Work instruction
Every record, apart from its pictures, should be repeated exactly.

____

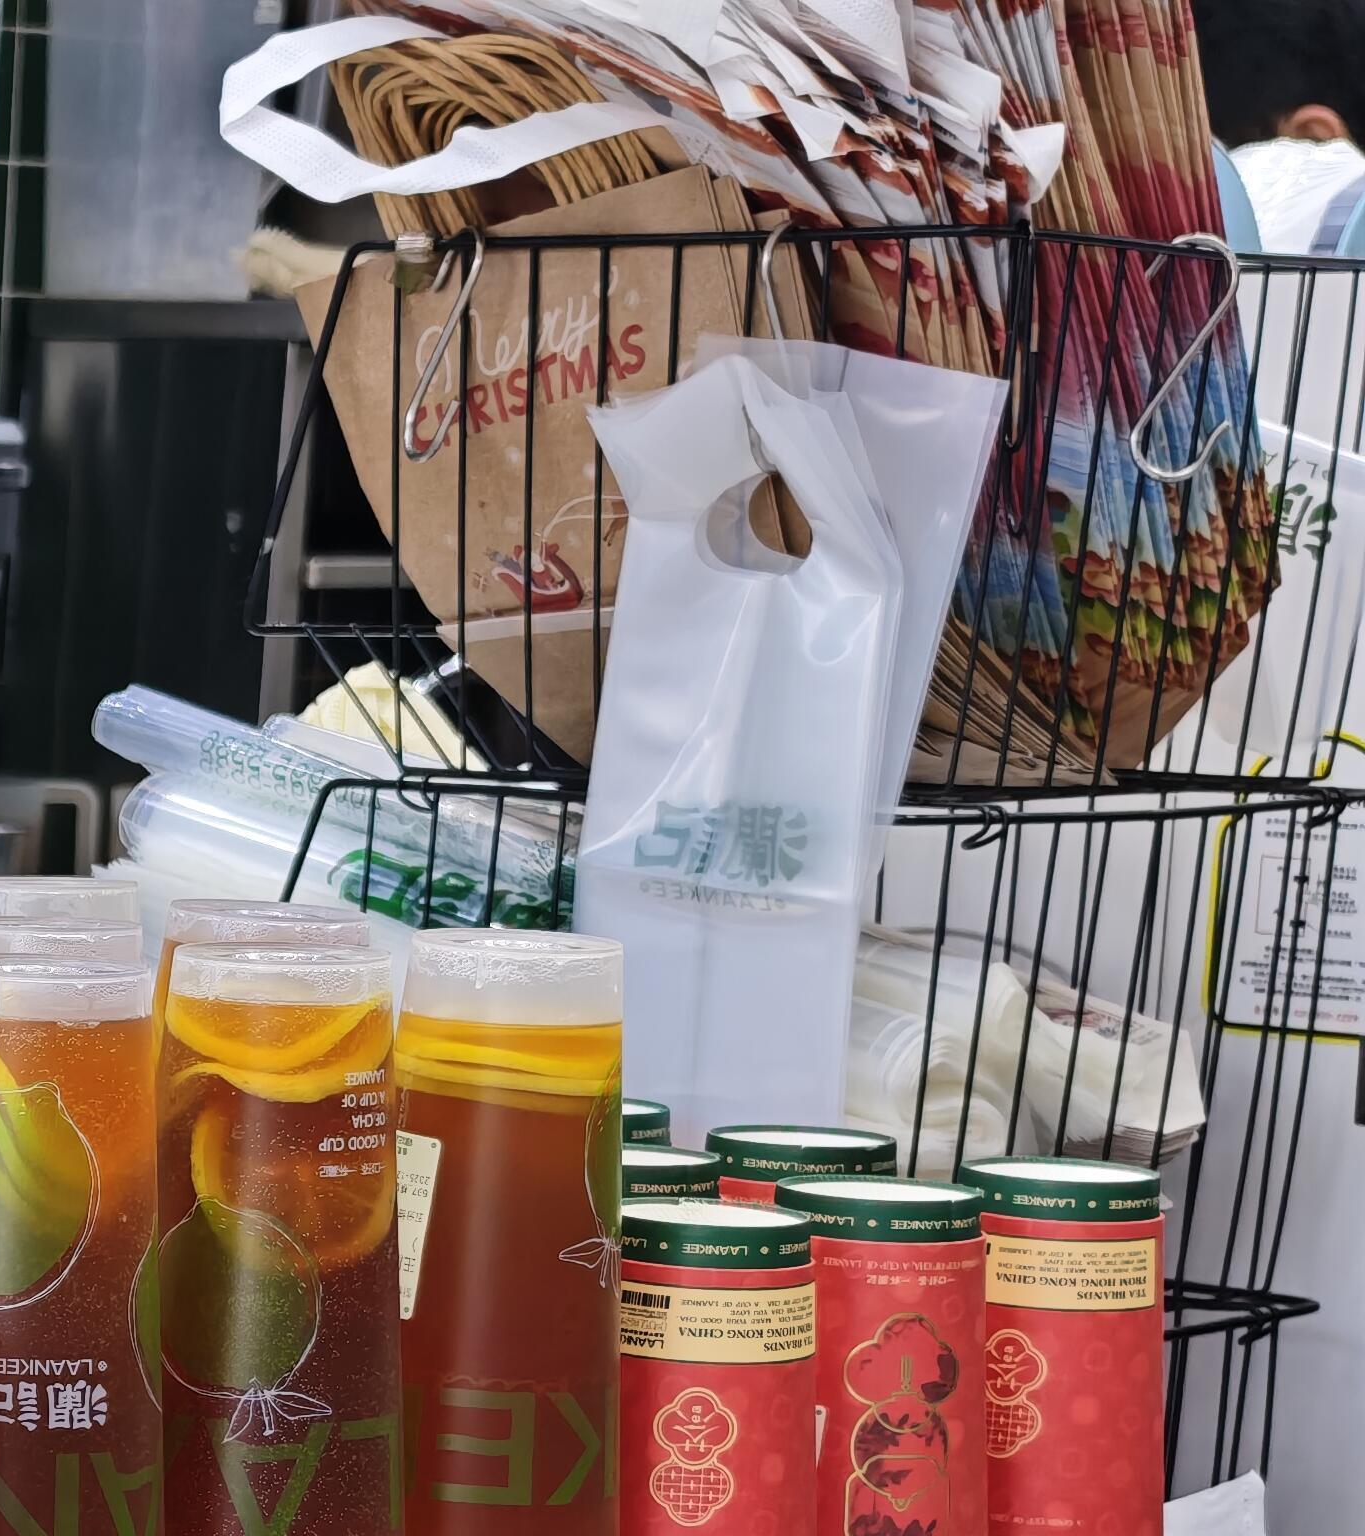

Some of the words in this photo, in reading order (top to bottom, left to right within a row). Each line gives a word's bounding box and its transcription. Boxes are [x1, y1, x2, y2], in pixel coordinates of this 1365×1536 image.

[410, 324, 647, 448] CHRISTMAS
[319, 1136, 343, 1152] CUP
[347, 1135, 377, 1150] GOOD
[682, 1243, 748, 1256] LAANKEE
[996, 1272, 1036, 1285] CHINA
[1039, 1277, 1077, 1287] KONG
[1081, 1278, 1116, 1287] HONG
[1077, 1291, 1126, 1300] BRANDS
[678, 1326, 724, 1338] CHINA
[727, 1329, 763, 1338] KONG
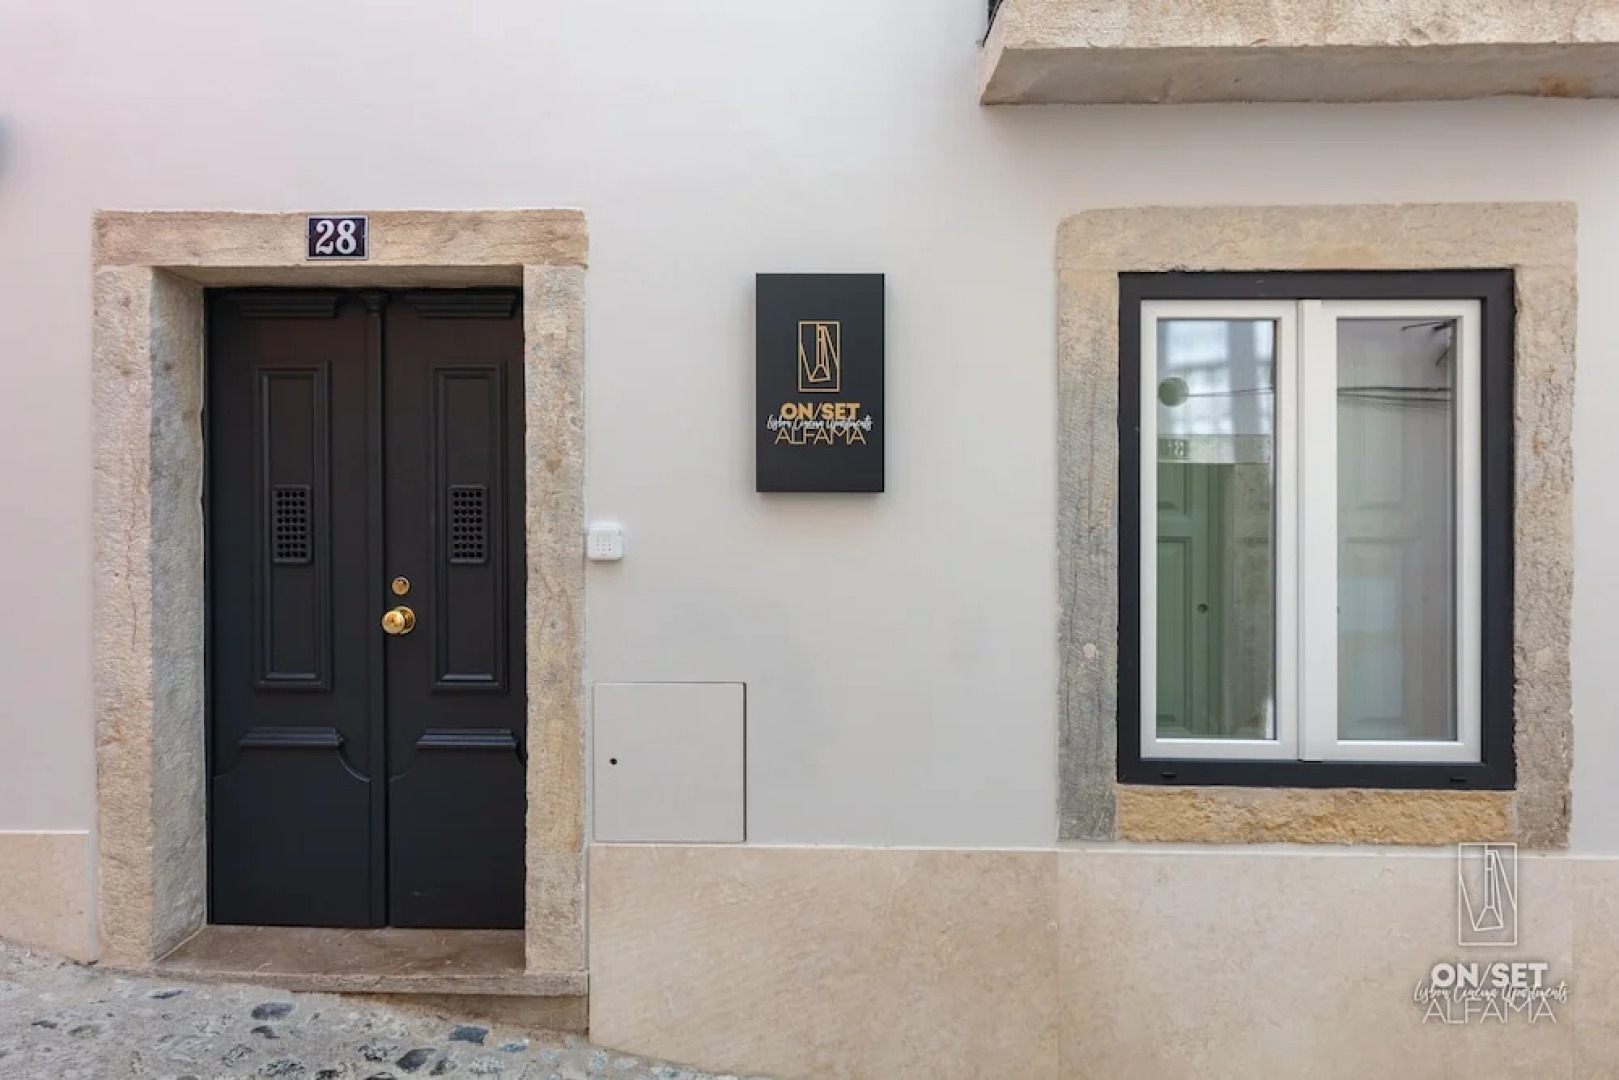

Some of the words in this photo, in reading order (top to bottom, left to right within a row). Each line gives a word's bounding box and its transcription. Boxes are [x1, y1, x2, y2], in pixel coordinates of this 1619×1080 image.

[315, 219, 357, 255] 28
[781, 402, 861, 420] ON/SET
[774, 425, 867, 445] ALFAMA

____

Response for this exercise
Some of the words in this photo, in reading order (top to bottom, left to right within a row). Each line gives a word's bounding box and its transcription. Boxes are [x1, y1, x2, y2], in pixel coordinates of this 1365×1536 image.

[410, 324, 647, 448] CHRISTMAS
[319, 1136, 343, 1152] CUP
[347, 1135, 377, 1150] GOOD
[682, 1243, 748, 1256] LAANKEE
[996, 1272, 1036, 1285] CHINA
[1039, 1277, 1077, 1287] KONG
[1081, 1278, 1116, 1287] HONG
[1077, 1291, 1126, 1300] BRANDS
[678, 1326, 724, 1338] CHINA
[727, 1329, 763, 1338] KONG

Some of the words in this photo, in reading order (top to bottom, left to right within a row). Each line gives a word's bounding box and its transcription. Boxes are [x1, y1, x2, y2], in pixel coordinates of this 1619×1080 image.

[315, 219, 357, 255] 28
[781, 402, 861, 420] ON/SET
[774, 425, 867, 445] ALFAMA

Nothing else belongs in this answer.